I did once visit Center Parcs, mind — about ten years ago. It was excruciatingly awful — the kids hated it as much as we did. Extortionately expensive, restrictive, boring and full of who I can only describe as ‘tossers’ cycling along tarmacked lanes through scrubby faux-woodland with their awful children shrieking in kind-of hanging baskets affixed to the back wheels. A place for middle-class people possessed of no imagination and too much money. The awful chain-food slop in the overpriced restaurants, the supposed attractions which resembled the stuff in the brochure in much the same way as Theresa May resembles Margaret Thatcher. The enforced jollity and the petty little niggling rules, designed to screw as much money out of you as possible. A confected simulacrum of nature and wildness for people who really hate both of those things.

So, no loss then. As a political activist, I yearn for the day when I am forced to boycott something I actually care about and would miss. Such as cigarettes or toad in the hole. Or indeed Virgin East Coast trains — which I did in fact boycott for a week when it announced it would no longer sell or give out copies of the Daily Mail on its dreadful, deteriorating, bankrupt service from London to the north-east. This was a real problem, as my only alternative to get up to Teesside was Grand Central, which has far fewer services and takes longer. But old beardie Branson caught wind of the flak coming his way and smartly reversed the decision. So now I’m back with Virgin — until it is mercifully nationalised next year.

The Center Parcs boycott has been similarly occasioned. Its head office has announced, in pious tones, that it will no longer be placing adverts with the Daily Mail on account of something written by one of the newspaper’s columnists, Richard Littlejohn. The offending paragraph from Mr Littlejohn reads as follows: ‘I’d rather children were fostered by loving gay couples than condemned to rot in state-run institutions, where they face a better-than-average chance of being abused. That said, I still cling to the belief that children benefit most from being brought up by a man and a woman.’

I suppose there must be some people in the UK who disagree with that assessment — my wife, for example, who thinks kids would be better off in local authority care rather than placed with a gay couple. I suspect that if you asked the question in an opinion poll, a good 80 per cent would agree with the thesis: ‘children benefit most from being brought up by a man and a woman.’

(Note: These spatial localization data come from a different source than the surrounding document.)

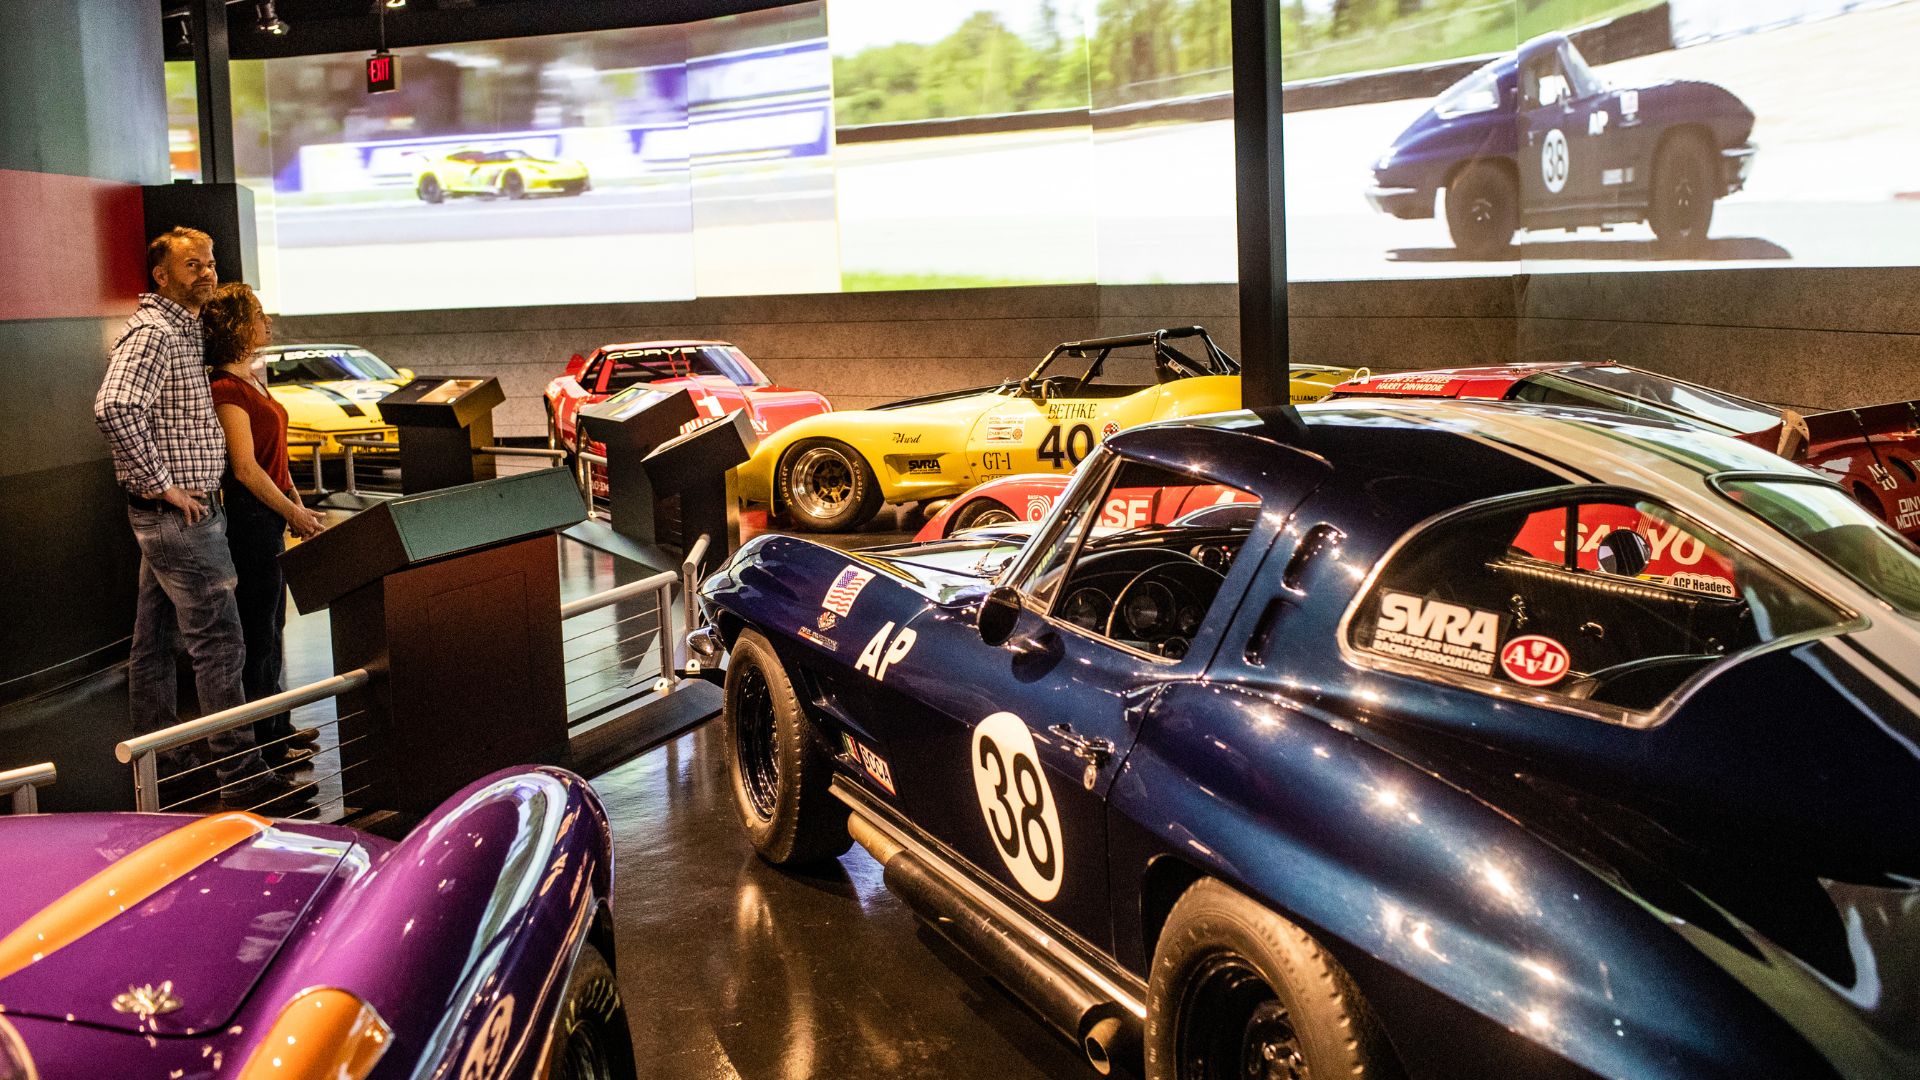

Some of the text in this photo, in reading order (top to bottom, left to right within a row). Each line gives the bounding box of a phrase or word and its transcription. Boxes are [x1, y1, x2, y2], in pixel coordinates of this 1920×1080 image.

[371, 57, 390, 82] EXIT
[1546, 139, 1565, 182] 38
[1376, 382, 1403, 390] HARRY
[1048, 403, 1097, 419] BETHKE
[1037, 423, 1095, 469] 40
[908, 460, 941, 469] SVRA
[1898, 496, 1920, 513] DIN
[1554, 523, 1706, 565] SAYO
[1673, 577, 1732, 595] ACP Headers
[1378, 592, 1499, 653] SVRA
[855, 620, 918, 681] AP
[1372, 639, 1493, 675] RACING ASSOCIATION
[1375, 628, 1496, 664] SPORTSCAR VINTAGE
[979, 735, 1055, 881] 38

But the 80 per cent do not matter anymore. The 80 per cent have no purchase. Far more important are the 1 or 2 per cent who insist that not merely is Littlejohn wrong, but that his moderately expressed opinion constitutes ‘hate speech’ and that any newspaper which publishes such an unspeakable vileness must be punished.

And so the congenital idiots who run Center Parcs can swathe themselves in the glory which attends — briefly, very briefly — to companies which connive with such a censorious, politically correct closing down of debate. They are hip, with-it, right-on and virtue-signalling, despite being an organisation which treats its staff, according to a worker, as follows: ‘You are a slave for a very poor wage, 12-hour shifts, one day off a week. If you are a good worker, your management will put more work load on you than your other colleagues, creating an unhealthy work environment. Customers pay huge amounts of money to be disappointed with facilities.’ No kidding, mate, on that last point.

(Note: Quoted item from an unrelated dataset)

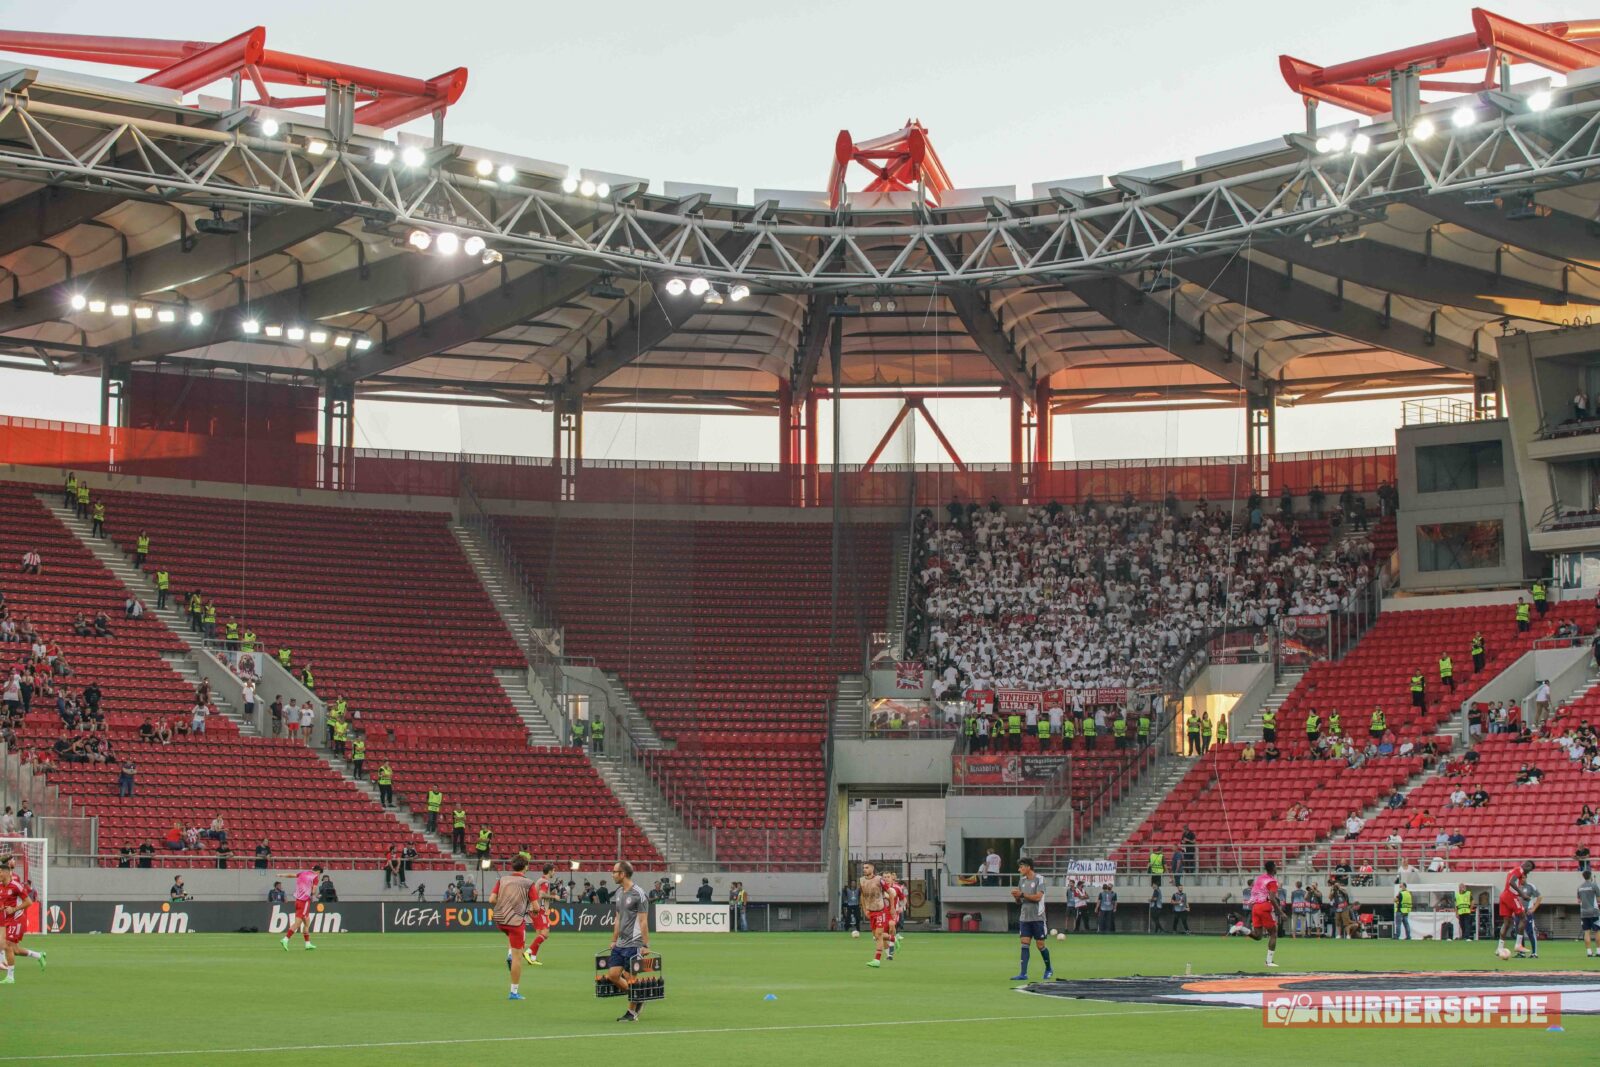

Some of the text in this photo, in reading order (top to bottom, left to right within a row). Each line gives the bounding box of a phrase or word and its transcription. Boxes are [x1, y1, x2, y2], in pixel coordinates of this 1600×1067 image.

[111, 902, 189, 933] bwin
[394, 908, 441, 926] UEFA
[578, 908, 597, 931] for
[676, 912, 727, 925] RESPECT

And a quick suggestion to the SJW legions who now approve of Center Parcs for its progressive policies, by the way. Check out the differences in pay between men and women at their godawful resorts. Check out how much the cleaners — almost all women — earn.

But then you can level the same charge of hypocrisy against the mimsy, boring stationery chain Paperchase — hell, here’s another boycott which isn’t going to spoil my evening — which recently announced it would not be advertising with the Daily Mail for more generic politically correct reasons.

And yet this is how our businesses act these days: oblivious to the views of the 80 per cent, terrified of the views of the 1 per cent. You can see it in the Christmas advert put out by John Lewis a few months ago. Voted the worst of the major Christmas adverts. Because, in its desperation to be right on, it featured a mixed-race couple. And I suspect that the British people are getting sick of this social engineering being rammed down their throats at every available opportunity. They don’t think there’s anything wrong with mixed race couples, per se — it’s simply that increasingly the advertisers and the companies (and the TV shows, especially on the BBC) are insisting that this is firstly how society actually is and secondly, if it isn’t, then definitely how it should be.

And the ordinary viewer recoils, because he is being force-fed political propaganda along with commercial propaganda. All to keep that tiny minority happy. Don’t be surprised if next year’s John Lewis ad shows a transgendering mixed-race eight-year-old finding a vagina in his stocking. And don’t be surprised if the British people hate that, too.